On one map, we cleared a swamp and knocked over trees to build a new road that saved a five-minute drive between depots. In another, we placed a bridge from a railyard to a castle, preventing our AI delivery vehicles from having to wind across the entire map.
But even this creative expression gets undermined by the game. By the fifth map, my pals and I had it down. We built roads everywhere, working across the large map in grids to set the entire thing up for deliveries we knew we’d have to make down the line. Except the game doesn’t realise you’ve done this and will often ask you to build a road somewhere you’ve already built one.
Then there’s the AI, which is as stupid as those guys on Twitter who reply “Grok, what does this mean?” under every single post. Once you’ve got a road set up, you have to plan a route for AI deliveries, and these guys will drive in circles for no reason, veer into walls, struggle to turn simple corners, and fail routes they’ve previously aced for no reason.
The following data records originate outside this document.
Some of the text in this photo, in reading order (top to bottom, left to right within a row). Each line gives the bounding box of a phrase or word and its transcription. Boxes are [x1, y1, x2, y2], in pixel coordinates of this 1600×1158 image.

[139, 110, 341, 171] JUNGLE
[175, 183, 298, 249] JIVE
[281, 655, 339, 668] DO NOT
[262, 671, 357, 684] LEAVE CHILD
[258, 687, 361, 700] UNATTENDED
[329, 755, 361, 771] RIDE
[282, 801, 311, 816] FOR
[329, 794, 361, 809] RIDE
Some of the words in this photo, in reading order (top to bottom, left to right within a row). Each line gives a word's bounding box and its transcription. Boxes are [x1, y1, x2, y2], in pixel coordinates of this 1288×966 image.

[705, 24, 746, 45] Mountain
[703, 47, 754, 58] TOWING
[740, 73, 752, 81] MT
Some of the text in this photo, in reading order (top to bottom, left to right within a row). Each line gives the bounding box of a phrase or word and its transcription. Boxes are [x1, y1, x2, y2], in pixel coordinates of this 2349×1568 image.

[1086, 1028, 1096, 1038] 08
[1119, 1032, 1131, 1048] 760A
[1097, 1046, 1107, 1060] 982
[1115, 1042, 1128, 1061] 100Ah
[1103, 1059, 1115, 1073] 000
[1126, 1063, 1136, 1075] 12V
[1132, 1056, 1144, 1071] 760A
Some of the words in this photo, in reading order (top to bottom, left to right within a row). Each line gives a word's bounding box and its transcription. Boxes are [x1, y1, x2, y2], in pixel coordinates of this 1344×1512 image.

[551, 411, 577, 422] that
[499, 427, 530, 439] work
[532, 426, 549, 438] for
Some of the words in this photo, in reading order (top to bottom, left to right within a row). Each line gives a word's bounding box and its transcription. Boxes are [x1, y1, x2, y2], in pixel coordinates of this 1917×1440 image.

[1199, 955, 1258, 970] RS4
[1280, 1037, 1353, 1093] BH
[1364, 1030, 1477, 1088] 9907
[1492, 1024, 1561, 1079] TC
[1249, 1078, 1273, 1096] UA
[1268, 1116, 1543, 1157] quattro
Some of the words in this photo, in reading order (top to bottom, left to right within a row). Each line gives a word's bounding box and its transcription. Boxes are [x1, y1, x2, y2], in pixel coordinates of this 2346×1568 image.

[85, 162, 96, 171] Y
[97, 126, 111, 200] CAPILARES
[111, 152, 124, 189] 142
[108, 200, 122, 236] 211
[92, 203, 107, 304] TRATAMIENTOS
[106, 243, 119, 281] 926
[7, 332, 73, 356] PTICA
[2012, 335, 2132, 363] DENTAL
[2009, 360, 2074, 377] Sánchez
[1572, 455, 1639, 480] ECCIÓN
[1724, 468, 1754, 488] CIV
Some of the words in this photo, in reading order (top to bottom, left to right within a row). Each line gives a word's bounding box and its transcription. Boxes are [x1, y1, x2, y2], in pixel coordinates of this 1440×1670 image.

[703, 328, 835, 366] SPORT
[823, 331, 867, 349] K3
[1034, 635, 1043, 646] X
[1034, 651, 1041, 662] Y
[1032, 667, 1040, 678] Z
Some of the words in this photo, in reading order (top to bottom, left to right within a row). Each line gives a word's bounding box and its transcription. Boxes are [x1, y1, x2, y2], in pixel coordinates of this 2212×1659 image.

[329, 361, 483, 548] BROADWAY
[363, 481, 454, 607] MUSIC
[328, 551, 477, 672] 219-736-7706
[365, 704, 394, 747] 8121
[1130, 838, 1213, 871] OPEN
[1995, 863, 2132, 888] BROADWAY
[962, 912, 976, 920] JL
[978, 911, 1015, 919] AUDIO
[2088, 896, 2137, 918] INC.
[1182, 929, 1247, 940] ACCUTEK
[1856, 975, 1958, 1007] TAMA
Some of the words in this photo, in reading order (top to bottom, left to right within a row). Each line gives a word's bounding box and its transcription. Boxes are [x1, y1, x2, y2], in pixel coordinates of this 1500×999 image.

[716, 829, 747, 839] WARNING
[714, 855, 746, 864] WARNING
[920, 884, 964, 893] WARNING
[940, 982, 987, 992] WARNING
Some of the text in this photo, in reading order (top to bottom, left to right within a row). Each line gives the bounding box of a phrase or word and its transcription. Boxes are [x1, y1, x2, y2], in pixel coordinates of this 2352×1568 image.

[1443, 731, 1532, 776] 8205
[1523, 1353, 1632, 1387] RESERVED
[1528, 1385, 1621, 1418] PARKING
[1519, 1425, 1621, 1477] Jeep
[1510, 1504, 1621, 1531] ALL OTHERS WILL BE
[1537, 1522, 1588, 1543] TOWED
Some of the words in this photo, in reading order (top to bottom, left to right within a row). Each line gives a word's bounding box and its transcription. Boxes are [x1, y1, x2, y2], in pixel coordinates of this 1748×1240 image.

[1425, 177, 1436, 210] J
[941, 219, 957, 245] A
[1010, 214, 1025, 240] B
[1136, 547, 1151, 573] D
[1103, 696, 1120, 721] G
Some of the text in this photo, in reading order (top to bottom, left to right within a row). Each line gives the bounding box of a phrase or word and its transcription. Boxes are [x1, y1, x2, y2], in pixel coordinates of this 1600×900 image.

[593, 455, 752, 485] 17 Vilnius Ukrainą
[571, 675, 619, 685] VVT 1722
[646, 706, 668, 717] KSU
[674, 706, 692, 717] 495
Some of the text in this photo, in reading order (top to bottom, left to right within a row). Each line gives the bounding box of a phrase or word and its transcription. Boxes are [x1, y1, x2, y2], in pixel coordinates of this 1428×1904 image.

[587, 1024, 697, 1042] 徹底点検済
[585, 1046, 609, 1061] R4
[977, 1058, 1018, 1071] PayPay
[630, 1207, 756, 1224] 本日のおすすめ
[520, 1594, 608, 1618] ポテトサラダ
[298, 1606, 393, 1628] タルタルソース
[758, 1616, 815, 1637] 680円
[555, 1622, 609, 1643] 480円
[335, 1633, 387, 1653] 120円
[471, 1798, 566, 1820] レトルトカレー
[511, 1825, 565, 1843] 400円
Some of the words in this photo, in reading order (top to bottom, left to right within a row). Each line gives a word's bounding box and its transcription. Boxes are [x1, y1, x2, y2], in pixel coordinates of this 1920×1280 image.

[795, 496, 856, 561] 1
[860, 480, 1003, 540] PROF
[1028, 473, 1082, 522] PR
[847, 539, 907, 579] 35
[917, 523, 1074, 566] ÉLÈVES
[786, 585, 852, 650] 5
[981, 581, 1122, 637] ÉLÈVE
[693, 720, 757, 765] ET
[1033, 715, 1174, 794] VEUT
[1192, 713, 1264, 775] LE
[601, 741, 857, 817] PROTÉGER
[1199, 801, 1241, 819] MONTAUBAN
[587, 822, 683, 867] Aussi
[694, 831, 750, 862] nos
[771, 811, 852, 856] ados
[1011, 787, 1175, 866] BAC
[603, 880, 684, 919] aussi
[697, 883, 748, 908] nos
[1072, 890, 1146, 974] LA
RoadCraft is a great concept that needs at least another year of development. In a few patches, it’ll be the best game of its type, but it’s impossible to fully recommend with its sentient semis, borked physics, idiotic AI, and base technical issues.
When I first started playing, I made a few mistakes. Instead of preparing the map for later, I’d build the roads as I needed them, sometimes even as I’m attempting to drive them, filling them with sand to push my vehicle out of the mud it was stuck in. It feels like the publisher is happy for the developer to do the same thing instead of paving over the imperfections before launch.